Simple blood test predicts anemia risk after malaria treatment

Peer-Reviewed Publication

American Association for the Advancement of Science (AAAS)

Simple Blood Test Predicts Anemia Risk After Malaria Treatment

image: Even after artesunate therapy eliminates malaria parasites, previously-infected red blood cells retain a protein called HRP2 on their surfaces, which can be used to predict post-treatment anemia. view more 

Credit: P.A. Ndour <i>et al., Science Translational Medicine </i>(2017)]

Researchers have adapted an existing diagnostic test for malaria to predict the dangerous complications that sometimes arise after the parasite is eradicated from patients' blood. An estimated 3.2 billion people in 95 countries are at risk of malaria infection, and even though treatment with a class of drugs called artemisinins is associated with fatality rates lower than 5%, some patients receiving these agents develop severe anemia weeks after clearance of the parasite.
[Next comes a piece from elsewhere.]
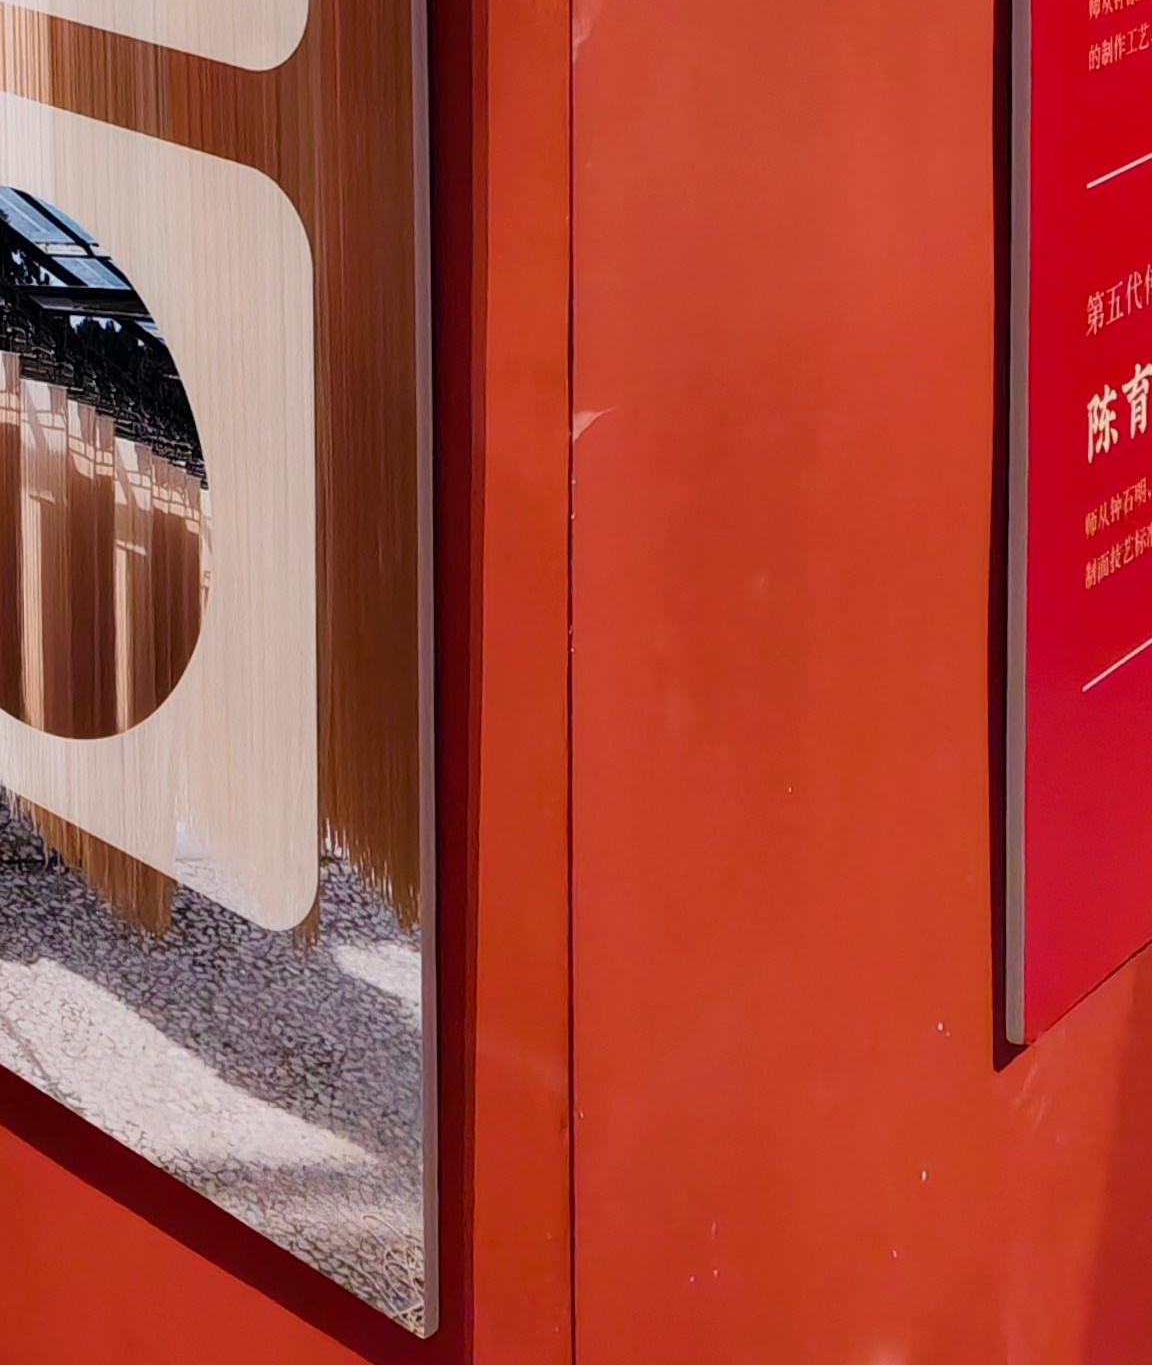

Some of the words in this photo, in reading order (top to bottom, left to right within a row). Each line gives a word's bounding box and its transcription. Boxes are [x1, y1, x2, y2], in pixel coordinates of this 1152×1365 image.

Clinicians lack reliable methods to pinpoint which patients will experience widespread destruction of their red blood cells following therapy with the artemisinin artesunate - a condition called post-artesunate delayed hemolysis (PADH). Episodes of PADH have been linked with severe kidney failure, which is one reason why the World Health Organization has noted an urgent need for a simple and reliable test. Here, Papa Alioune Ndour and colleagues repurposed a diagnostic already in use - the BinaxNOW malaria kit - to predict PADH with 89% sensitivity and 73% specificity. The assay measures remnants of a malaria protein named HRP2 on red blood cells, and was successfully validated using diluted blood samples from 95 Bangladeshi patients and 53 French travelers, all of whom received artesunate. Notably, a separate cohort of 49 patients that were administered quinine (which is not associated with post-treatment anemia) did not have persistently high HRP2 levels. The authors say the accuracy of the test must be confirmed in larger-scale prospective studies, and may be preferable to current recommendations for mandatory 28-day monitoring of all malaria patients - to help high-risk patients achieve better post-treatment outcomes.